### WHAT THIS TASK INVOLVES
Transcribe all the material exactly. Leave every line as it is.

### TASK MATERIAL
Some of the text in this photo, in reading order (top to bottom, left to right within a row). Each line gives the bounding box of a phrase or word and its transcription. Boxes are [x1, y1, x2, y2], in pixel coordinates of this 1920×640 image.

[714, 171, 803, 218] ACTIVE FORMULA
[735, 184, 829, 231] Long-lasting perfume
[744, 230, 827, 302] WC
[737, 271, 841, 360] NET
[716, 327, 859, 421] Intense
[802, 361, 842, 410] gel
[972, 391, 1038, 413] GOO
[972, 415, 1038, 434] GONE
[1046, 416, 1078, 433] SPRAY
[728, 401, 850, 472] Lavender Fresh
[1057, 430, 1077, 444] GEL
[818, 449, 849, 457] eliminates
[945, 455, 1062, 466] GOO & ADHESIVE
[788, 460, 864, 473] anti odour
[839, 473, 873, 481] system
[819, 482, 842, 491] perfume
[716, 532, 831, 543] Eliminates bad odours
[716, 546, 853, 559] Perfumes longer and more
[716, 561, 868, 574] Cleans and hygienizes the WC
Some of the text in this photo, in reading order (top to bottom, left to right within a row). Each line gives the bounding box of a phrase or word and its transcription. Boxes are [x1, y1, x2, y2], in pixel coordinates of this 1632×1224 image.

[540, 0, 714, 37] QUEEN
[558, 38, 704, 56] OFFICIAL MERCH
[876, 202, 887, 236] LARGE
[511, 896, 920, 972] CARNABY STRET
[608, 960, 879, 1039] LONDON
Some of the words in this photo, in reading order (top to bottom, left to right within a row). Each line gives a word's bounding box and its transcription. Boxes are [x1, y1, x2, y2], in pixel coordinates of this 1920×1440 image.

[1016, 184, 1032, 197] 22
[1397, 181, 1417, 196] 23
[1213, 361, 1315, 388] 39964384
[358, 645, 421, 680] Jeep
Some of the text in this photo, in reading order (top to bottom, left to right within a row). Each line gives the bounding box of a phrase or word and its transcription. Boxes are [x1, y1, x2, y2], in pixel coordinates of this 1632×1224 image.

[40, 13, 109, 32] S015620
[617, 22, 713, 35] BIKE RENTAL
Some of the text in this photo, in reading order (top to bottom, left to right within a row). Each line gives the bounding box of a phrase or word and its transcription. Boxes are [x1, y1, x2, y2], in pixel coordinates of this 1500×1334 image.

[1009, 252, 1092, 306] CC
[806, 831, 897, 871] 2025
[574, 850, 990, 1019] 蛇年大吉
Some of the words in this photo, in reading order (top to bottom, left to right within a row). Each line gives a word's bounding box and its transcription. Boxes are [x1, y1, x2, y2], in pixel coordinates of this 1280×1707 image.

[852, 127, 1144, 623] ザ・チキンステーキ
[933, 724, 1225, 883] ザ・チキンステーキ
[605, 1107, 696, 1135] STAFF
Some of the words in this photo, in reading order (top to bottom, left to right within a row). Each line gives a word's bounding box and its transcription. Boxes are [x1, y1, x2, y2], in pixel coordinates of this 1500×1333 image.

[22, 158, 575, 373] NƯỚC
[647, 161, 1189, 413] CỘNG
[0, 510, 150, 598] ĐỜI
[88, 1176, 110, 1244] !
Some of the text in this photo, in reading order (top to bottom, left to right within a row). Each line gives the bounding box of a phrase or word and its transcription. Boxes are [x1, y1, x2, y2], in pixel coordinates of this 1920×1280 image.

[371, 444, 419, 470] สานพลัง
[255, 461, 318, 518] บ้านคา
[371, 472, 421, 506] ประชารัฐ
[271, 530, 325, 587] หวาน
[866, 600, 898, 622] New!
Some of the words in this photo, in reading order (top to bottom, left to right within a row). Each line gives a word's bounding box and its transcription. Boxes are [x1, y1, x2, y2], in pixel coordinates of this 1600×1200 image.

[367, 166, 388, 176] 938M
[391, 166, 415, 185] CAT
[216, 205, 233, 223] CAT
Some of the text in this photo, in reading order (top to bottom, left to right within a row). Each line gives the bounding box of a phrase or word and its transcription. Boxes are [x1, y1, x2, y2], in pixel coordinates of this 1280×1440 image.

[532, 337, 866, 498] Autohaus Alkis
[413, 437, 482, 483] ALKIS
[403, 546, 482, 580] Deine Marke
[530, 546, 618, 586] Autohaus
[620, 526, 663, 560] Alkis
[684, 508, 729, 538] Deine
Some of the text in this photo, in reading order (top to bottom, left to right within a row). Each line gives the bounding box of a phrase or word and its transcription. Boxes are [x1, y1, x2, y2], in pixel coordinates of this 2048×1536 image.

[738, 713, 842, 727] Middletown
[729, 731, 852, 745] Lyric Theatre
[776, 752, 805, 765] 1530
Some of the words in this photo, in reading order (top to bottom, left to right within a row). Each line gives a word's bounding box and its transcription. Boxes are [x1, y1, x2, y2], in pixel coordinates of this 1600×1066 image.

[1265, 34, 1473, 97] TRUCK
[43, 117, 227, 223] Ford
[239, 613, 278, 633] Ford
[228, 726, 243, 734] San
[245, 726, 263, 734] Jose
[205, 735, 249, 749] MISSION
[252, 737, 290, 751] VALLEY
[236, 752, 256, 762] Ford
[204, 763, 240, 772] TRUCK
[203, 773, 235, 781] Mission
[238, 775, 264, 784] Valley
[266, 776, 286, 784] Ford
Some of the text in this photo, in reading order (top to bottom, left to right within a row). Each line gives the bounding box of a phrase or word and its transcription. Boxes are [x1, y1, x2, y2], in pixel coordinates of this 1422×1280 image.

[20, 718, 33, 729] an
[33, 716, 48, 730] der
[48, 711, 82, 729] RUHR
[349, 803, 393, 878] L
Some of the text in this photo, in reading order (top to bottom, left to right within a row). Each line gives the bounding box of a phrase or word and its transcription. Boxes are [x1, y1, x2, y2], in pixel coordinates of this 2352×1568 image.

### PROBLEM SOLUTION
Some of the text in this photo, in reading order (top to bottom, left to right within a row). Each line gives the bounding box of a phrase or word and its transcription. Boxes are [x1, y1, x2, y2], in pixel coordinates of this 1920×640 image.

[714, 171, 803, 218] ACTIVE FORMULA
[735, 184, 829, 231] Long-lasting perfume
[744, 230, 827, 302] WC
[737, 271, 841, 360] NET
[716, 327, 859, 421] Intense
[802, 361, 842, 410] gel
[972, 391, 1038, 413] GOO
[972, 415, 1038, 434] GONE
[1046, 416, 1078, 433] SPRAY
[728, 401, 850, 472] Lavender Fresh
[1057, 430, 1077, 444] GEL
[818, 449, 849, 457] eliminates
[945, 455, 1062, 466] GOO & ADHESIVE
[788, 460, 864, 473] anti odour
[839, 473, 873, 481] system
[819, 482, 842, 491] perfume
[716, 532, 831, 543] Eliminates bad odours
[716, 546, 853, 559] Perfumes longer and more
[716, 561, 868, 574] Cleans and hygienizes the WC
Some of the text in this photo, in reading order (top to bottom, left to right within a row). Each line gives the bounding box of a phrase or word and its transcription. Boxes are [x1, y1, x2, y2], in pixel coordinates of this 1632×1224 image.

[540, 0, 714, 37] QUEEN
[558, 38, 704, 56] OFFICIAL MERCH
[876, 202, 887, 236] LARGE
[511, 896, 920, 972] CARNABY STRET
[608, 960, 879, 1039] LONDON
Some of the words in this photo, in reading order (top to bottom, left to right within a row). Each line gives a word's bounding box and its transcription. Boxes are [x1, y1, x2, y2], in pixel coordinates of this 1920×1440 image.

[1016, 184, 1032, 197] 22
[1397, 181, 1417, 196] 23
[1213, 361, 1315, 388] 39964384
[358, 645, 421, 680] Jeep
Some of the text in this photo, in reading order (top to bottom, left to right within a row). Each line gives the bounding box of a phrase or word and its transcription. Boxes are [x1, y1, x2, y2], in pixel coordinates of this 1632×1224 image.

[40, 13, 109, 32] S015620
[617, 22, 713, 35] BIKE RENTAL
Some of the text in this photo, in reading order (top to bottom, left to right within a row). Each line gives the bounding box of a phrase or word and its transcription. Boxes are [x1, y1, x2, y2], in pixel coordinates of this 1500×1334 image.

[1009, 252, 1092, 306] CC
[806, 831, 897, 871] 2025
[574, 850, 990, 1019] 蛇年大吉
Some of the words in this photo, in reading order (top to bottom, left to right within a row). Each line gives a word's bounding box and its transcription. Boxes are [x1, y1, x2, y2], in pixel coordinates of this 1280×1707 image.

[852, 127, 1144, 623] ザ・チキンステーキ
[933, 724, 1225, 883] ザ・チキンステーキ
[605, 1107, 696, 1135] STAFF
Some of the words in this photo, in reading order (top to bottom, left to right within a row). Each line gives a word's bounding box and its transcription. Boxes are [x1, y1, x2, y2], in pixel coordinates of this 1500×1333 image.

[22, 158, 575, 373] NƯỚC
[647, 161, 1189, 413] CỘNG
[0, 510, 150, 598] ĐỜI
[88, 1176, 110, 1244] !
Some of the text in this photo, in reading order (top to bottom, left to right within a row). Each line gives the bounding box of a phrase or word and its transcription. Boxes are [x1, y1, x2, y2], in pixel coordinates of this 1920×1280 image.

[371, 444, 419, 470] สานพลัง
[255, 461, 318, 518] บ้านคา
[371, 472, 421, 506] ประชารัฐ
[271, 530, 325, 587] หวาน
[866, 600, 898, 622] New!
Some of the words in this photo, in reading order (top to bottom, left to right within a row). Each line gives a word's bounding box and its transcription. Boxes are [x1, y1, x2, y2], in pixel coordinates of this 1600×1200 image.

[367, 166, 388, 176] 938M
[391, 166, 415, 185] CAT
[216, 205, 233, 223] CAT
Some of the text in this photo, in reading order (top to bottom, left to right within a row). Each line gives the bounding box of a phrase or word and its transcription. Boxes are [x1, y1, x2, y2], in pixel coordinates of this 1280×1440 image.

[532, 337, 866, 498] Autohaus Alkis
[413, 437, 482, 483] ALKIS
[403, 546, 482, 580] Deine Marke
[530, 546, 618, 586] Autohaus
[620, 526, 663, 560] Alkis
[684, 508, 729, 538] Deine
Some of the text in this photo, in reading order (top to bottom, left to right within a row). Each line gives the bounding box of a phrase or word and its transcription. Boxes are [x1, y1, x2, y2], in pixel coordinates of this 2048×1536 image.

[738, 713, 842, 727] Middletown
[729, 731, 852, 745] Lyric Theatre
[776, 752, 805, 765] 1530
Some of the words in this photo, in reading order (top to bottom, left to right within a row). Each line gives a word's bounding box and its transcription. Boxes are [x1, y1, x2, y2], in pixel coordinates of this 1600×1066 image.

[1265, 34, 1473, 97] TRUCK
[43, 117, 227, 223] Ford
[239, 613, 278, 633] Ford
[228, 726, 243, 734] San
[245, 726, 263, 734] Jose
[205, 735, 249, 749] MISSION
[252, 737, 290, 751] VALLEY
[236, 752, 256, 762] Ford
[204, 763, 240, 772] TRUCK
[203, 773, 235, 781] Mission
[238, 775, 264, 784] Valley
[266, 776, 286, 784] Ford
Some of the text in this photo, in reading order (top to bottom, left to right within a row). Each line gives the bounding box of a phrase or word and its transcription. Boxes are [x1, y1, x2, y2], in pixel coordinates of this 1422×1280 image.

[20, 718, 33, 729] an
[33, 716, 48, 730] der
[48, 711, 82, 729] RUHR
[349, 803, 393, 878] L
Some of the text in this photo, in reading order (top to bottom, left to right within a row). Each line gives the bounding box of a phrase or word and its transcription. Boxes are [x1, y1, x2, y2], in pixel coordinates of this 2352×1568 image.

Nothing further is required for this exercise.